Carl Icahn, whose investments in Chesapeake Energy Corp., among others, led to big changes, has turned his eyes to Calgary’s Talisman Energy Inc., where he now holds a near 6% stake.
Icahn, who announced the $277 million investment through his Twitter account last week, said he had purchased 61.6 million shares (5.97%) and may have management discussions regarding “strategic alternatives, board seats, etc.” The news was substantiated through a U.S. Securities and Exchange Commission filing that indicated purchases began Sept. 25.
Icahn said the shares were purchased “in the belief that they were undervalued relative to the value of the issuer’s underlying assets…The reporting persons intend to have conversations with members of the issuer’s management to discuss strategic alternatives which may enhance shareholder value, including, among other things, asset sales or potential corporate restructuring,” as well as possible shareholder board representation.”
The strategy is similar to one Icahn used to help restructure Chesapeake. As management turmoil continued last year, Icahn initially captured a 7.6% stake in Chesapeake, got a seat on the board and eventually helped to force out CEO Aubrey McClendon (see related story). Icahn now holds close to 10% of the company, and Chesapeake has continued to reorganize management and strategy.

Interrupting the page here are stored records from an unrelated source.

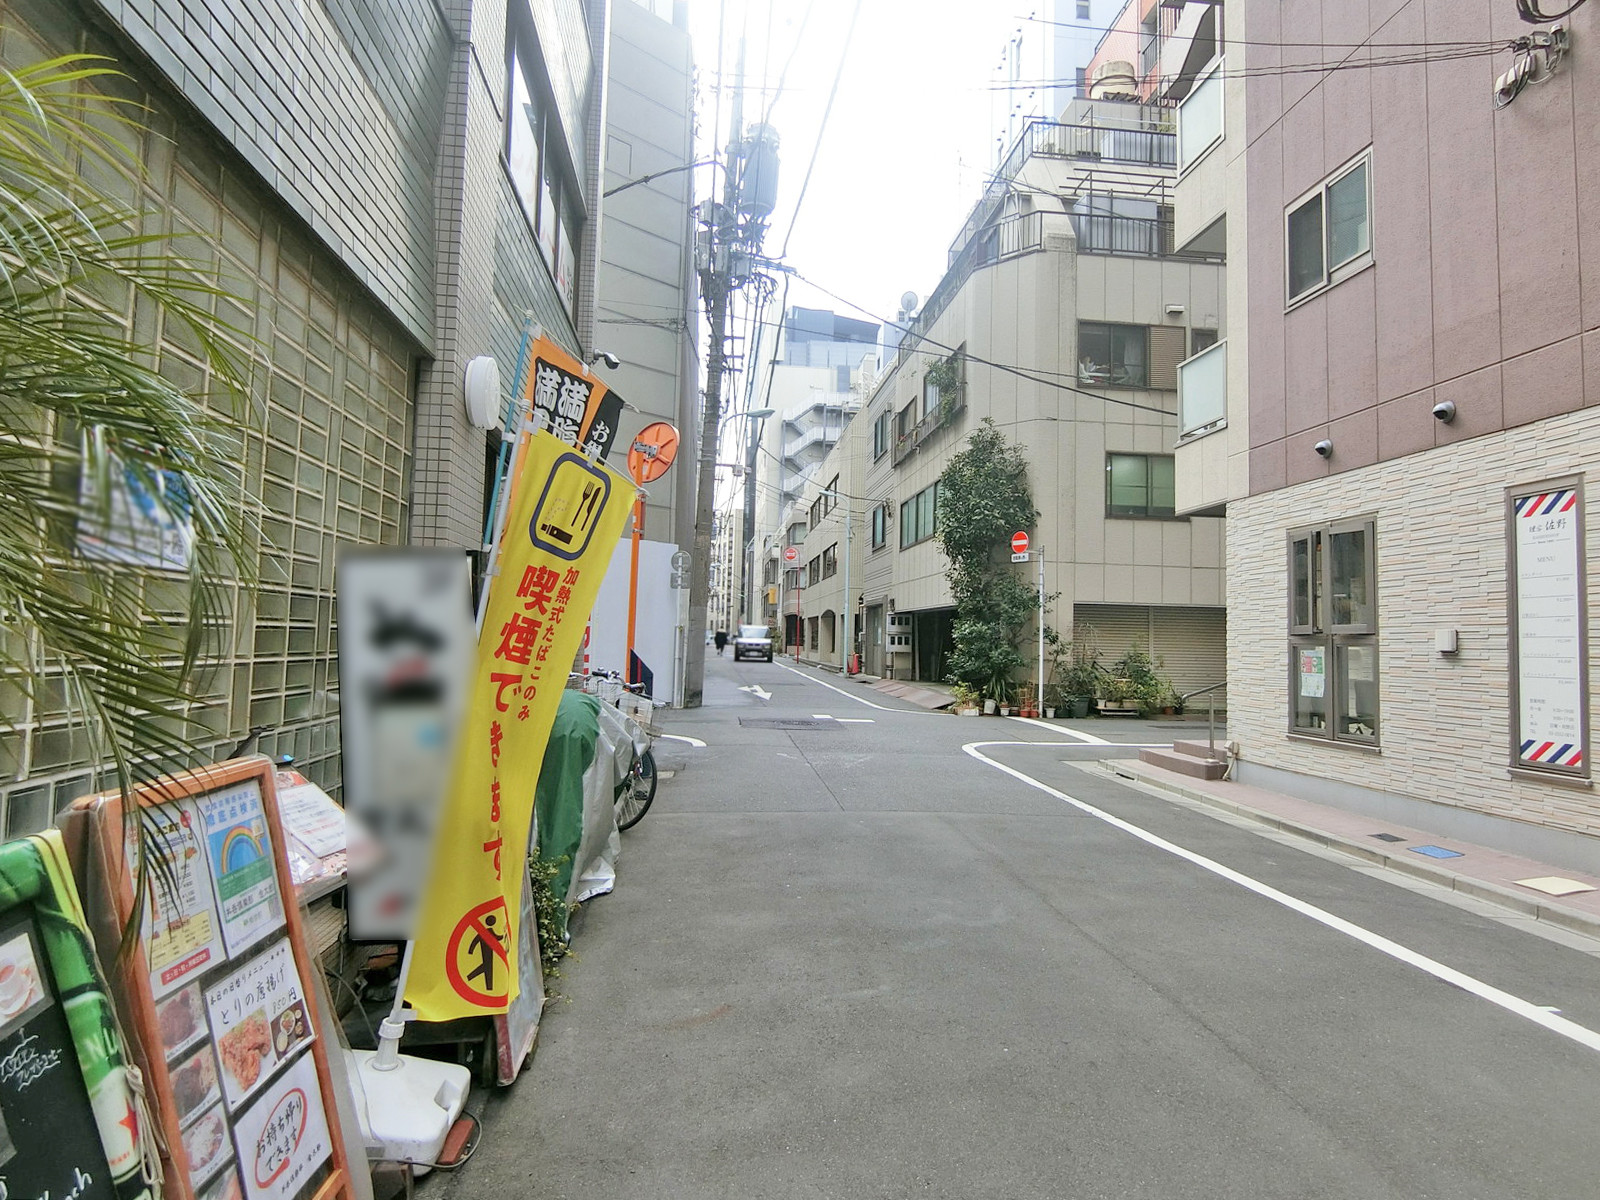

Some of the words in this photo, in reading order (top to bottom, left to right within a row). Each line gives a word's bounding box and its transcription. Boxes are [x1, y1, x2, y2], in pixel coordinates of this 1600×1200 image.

[1546, 518, 1567, 531] 佐野
[1537, 555, 1556, 563] MENU
[518, 566, 578, 721] 加熱式たばこのみ
[221, 963, 285, 1025] とりの唐揚げ
[256, 1095, 303, 1159] お持ち帰り
[265, 1126, 298, 1172] できます
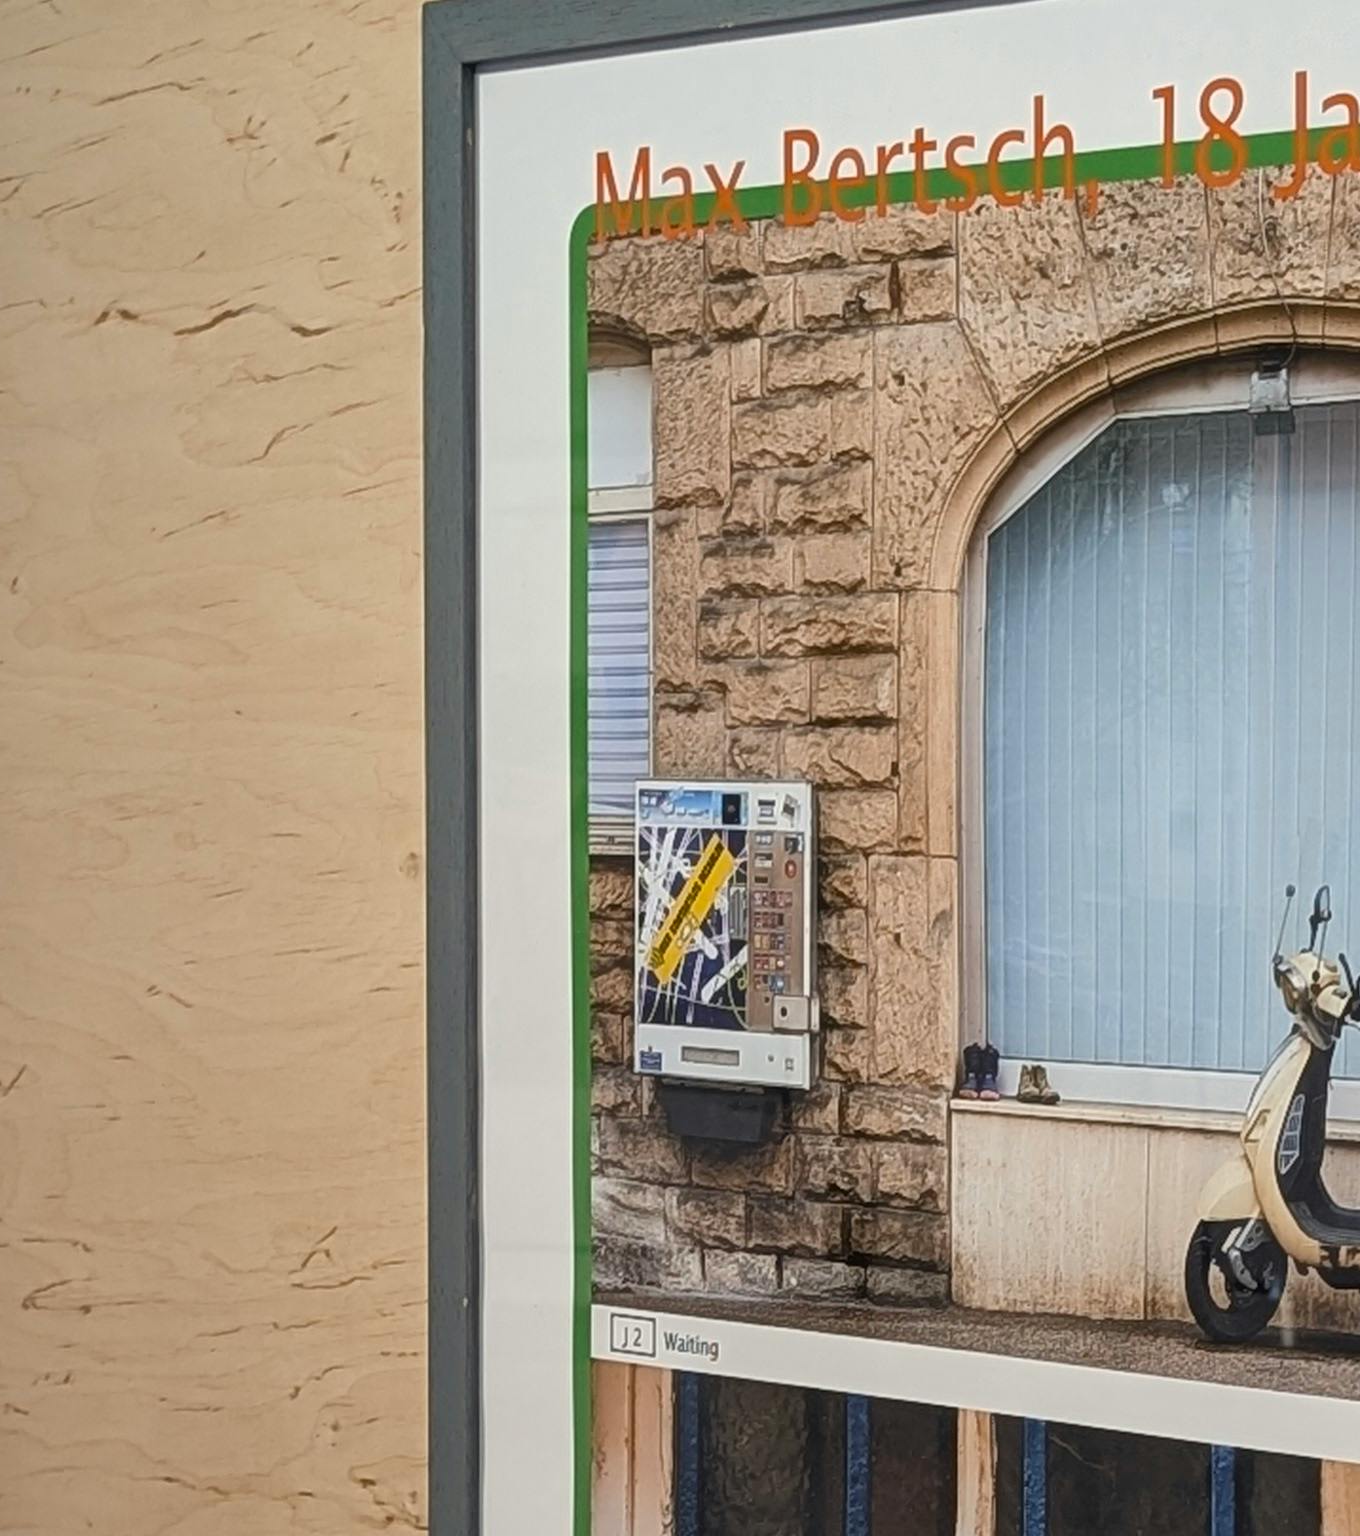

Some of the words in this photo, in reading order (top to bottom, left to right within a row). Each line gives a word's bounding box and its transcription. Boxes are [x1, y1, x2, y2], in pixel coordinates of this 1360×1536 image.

[593, 144, 752, 243] Max
[783, 94, 1099, 227] Bertsch,
[1152, 76, 1249, 189] 18
[663, 1331, 720, 1361] Waiting
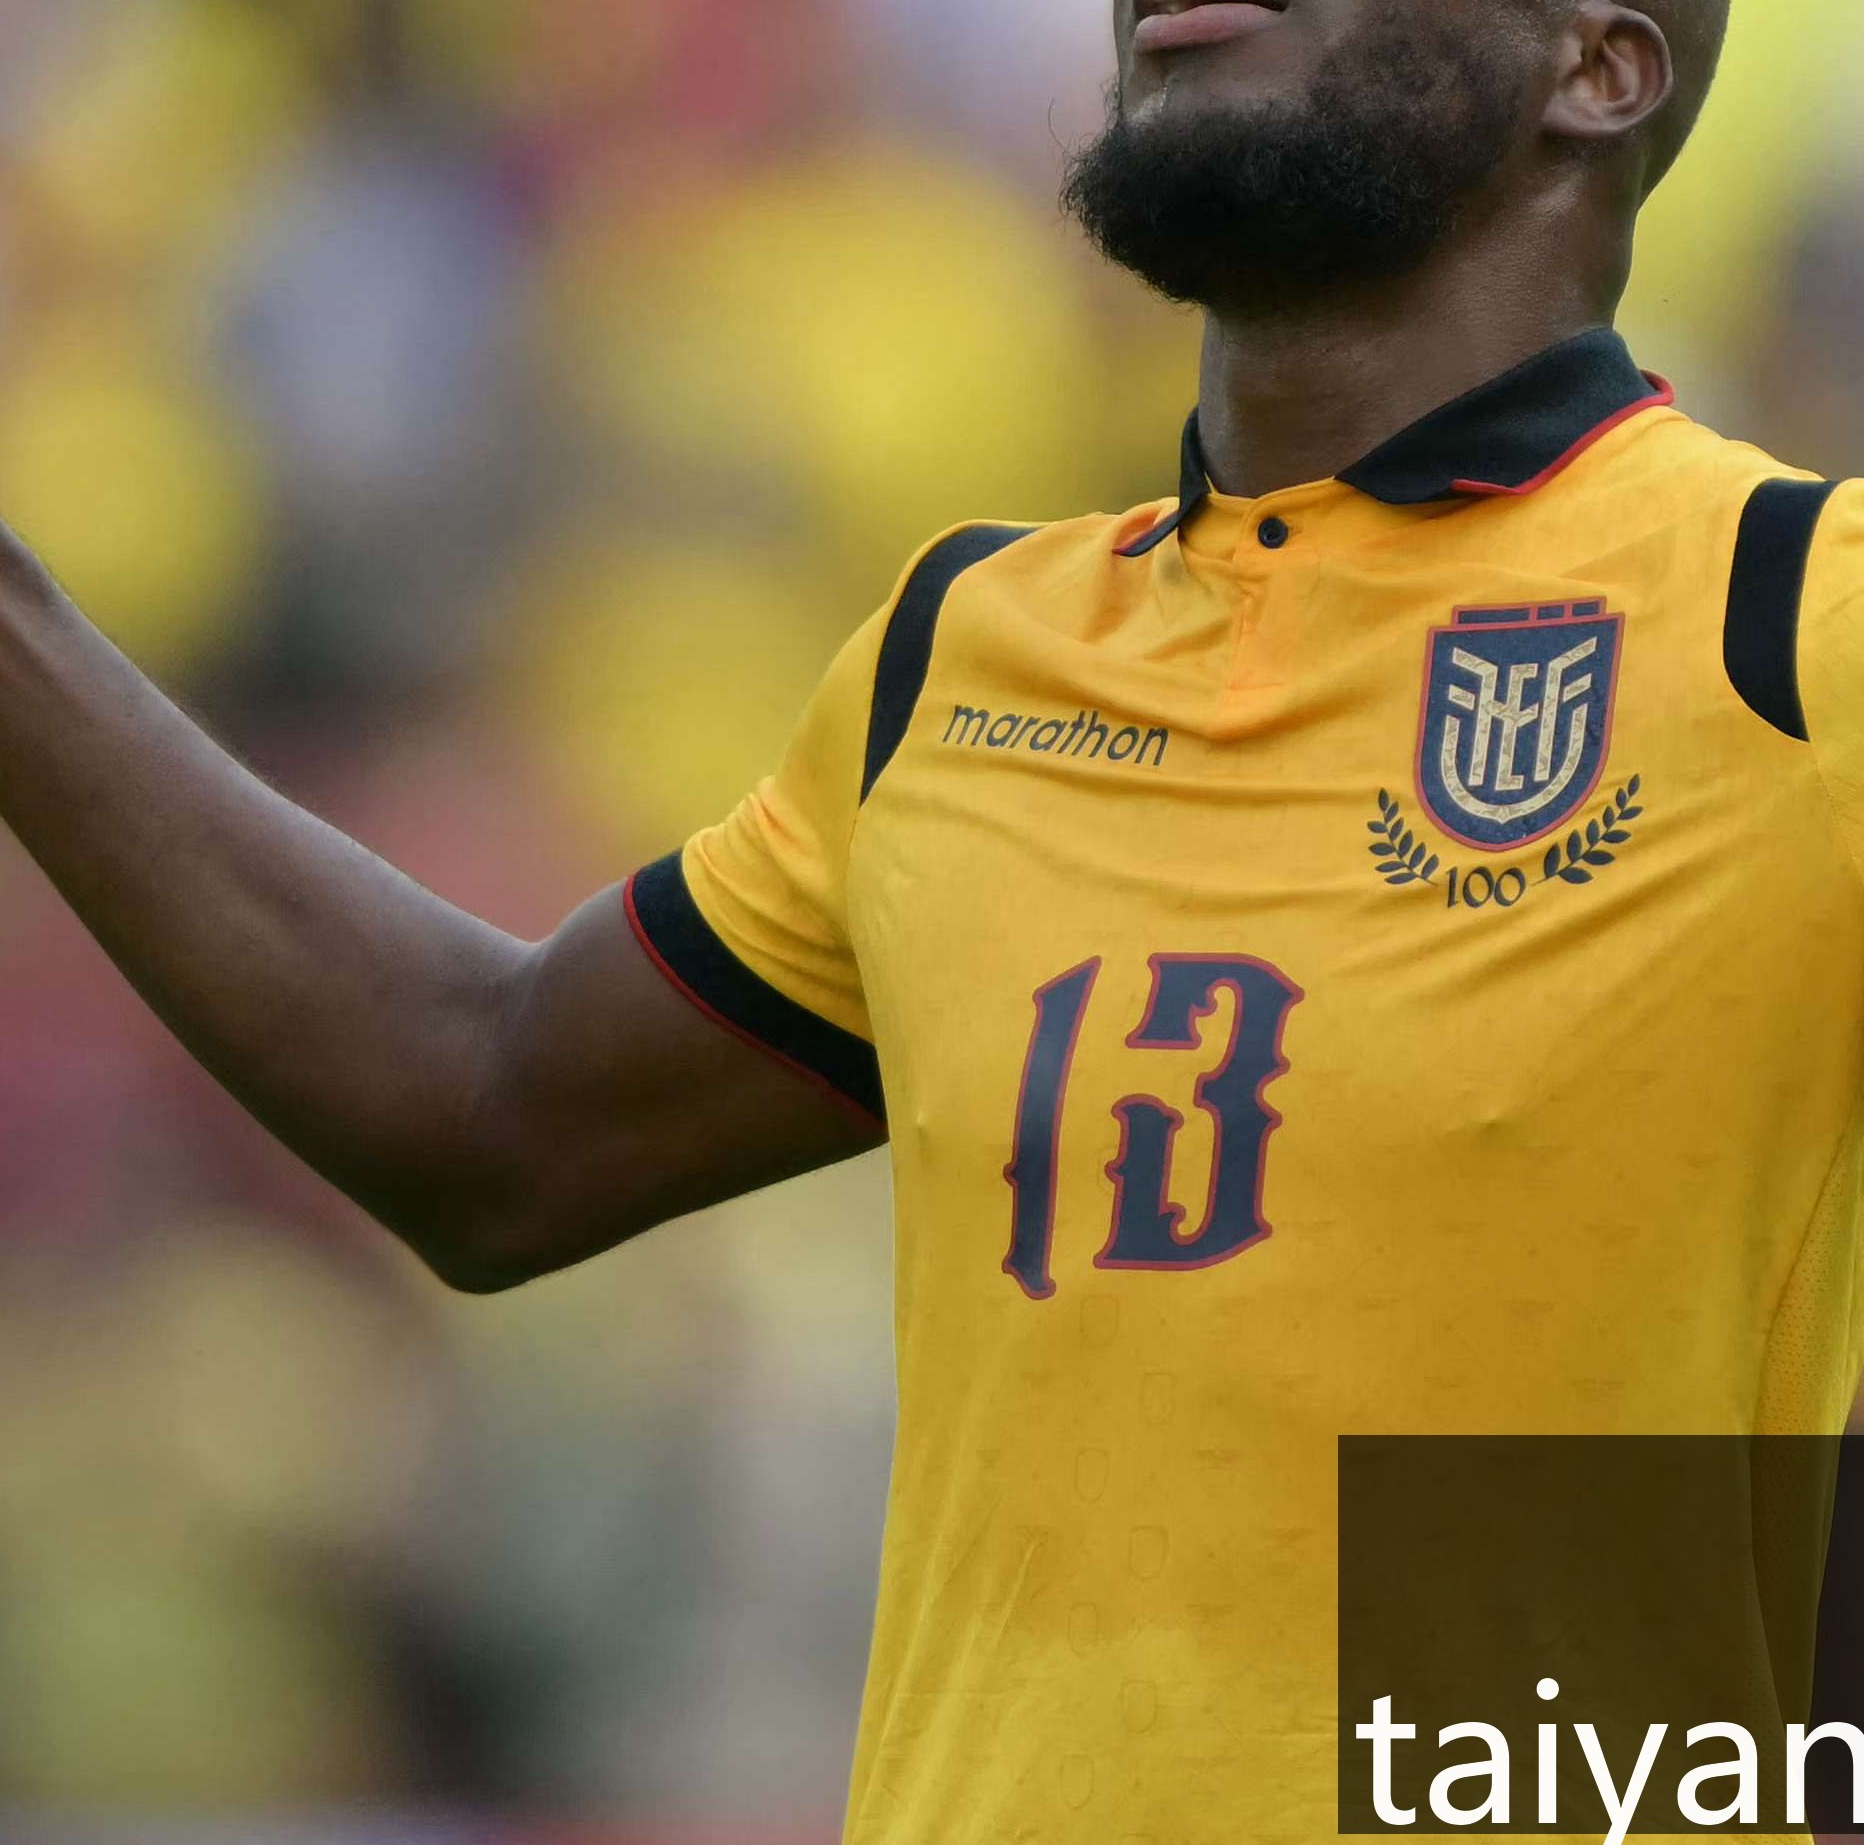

Talisman, which began as a spinoff of BP plc in 1992, is one of the biggest explorers in Canada. However, its far-flung global empire in recent years has led to questions about strategy. Formerly a pure-play gas producer, the operator began to reverse course and add more liquids-rich assets to its North American portfolio. But the changes have been damaging to output and to management. Hal Kvisle, the former chief of TransCanada Corp., took over in September 2012 (see NGI, Sept. 11, 2012).
Moody’s Investor Service last week revised Talisman’s outlook to “negative” from “stable,” reflecting “the uncertain outcome of the portfolio transformation taking place under the company’s strategic repositioning,” said Senior Vice President Terry Marshall. “The company’s capital productivity is weak, and it is uncertain when a clear, profitable and sustainable organic growth profile will be evident.”
Talisman has “valuable assets,” that may be sold with associated or commensurate debt reduction, said Marshall. A “Baa2” senior unsecured rating “reflects Talisman’s large proved developed (PD) reserves base, a production platform that currently produces roughly 280,000 boe/d, geographic diversity and substantial land holdings in North America. While production has declined due to asset sales and declining natural gas production, we expect modest production growth in 2014 from the use of development capital in Southeast Asia, the Eagle Ford and Colombia.”
Multiple assets now for sale would be used to fund negative free cash flow and reduce debt. However, Moody’s rating “is negatively impacted by the uncertain outcome of Talisman’s strategic repositioning and ultimate organic growth profile. The rating also considers Talisman’s very high finding and development costs, and consequently very weak leveraged full-cycle ratio.”
Talisman will have good liquidity through 2014, according to Marshall. “We expect about $1.2 billion of negative free cash flow through 2014, which will be funded from the proceeds of asset sales.” The operator plans to sell $2-3 billion of assets over the coming year to year and a half.
Talisman remains one of the top operators in Canada with prospects that include about 208,000 net acres in Pennsylvania’s Marcellus Shale and land in New York, which is under a drilling moratorium. At the end of 2012 Marcellus output averaged 514 MMcf/d, up from 413 MMcf/d in 2011.The company also has about 74,000 net acres in South Texas, reportedly now for sale. The Eagle Ford Shale position is held with Statoil SA under a joint development agreement; production at the end of 2012 was 20,000 boe/d and averaged 15,000 boe/d for the year, up from 5,000 boe/d in 2011.
“Icahn has climbed onto a company which has persistently given poor stock performance,” said analysts with Zacks Equity Research. Talisman missed the firm’s consensus estimate “by an enormous 175% percent as it reported a second quarter loss of 3 cents. Prior quarters had been disappointing as well. However, the company’s financial flexibility and strong balance sheet are real assets. At the end of the second quarter, the company has a cash balance of approximately $270 million. Moreover, management’s decision to divest noncore assets is also a positive move.”
The investment “can be anticipated as a move to take advantage of the gains from the company’s restructuring plans. With assets spread across several prospective locations, Talisman may have unlocked potential. Our belief in the company is reflected in its long-term expected earnings growth of 19.95%.”
Other analysts also see Talisman restructuring in Icahn’s plans. “Although the intention of Icahn is broadly defined, we believe it will likely serve to move the company down the path of a corporate split on an accelerated basis, or outright sale,” said RBC Dominion Securities analysts. “That Talisman has become open to both these options is positive as the status quo game plan has become ineffective in terms of generating value.”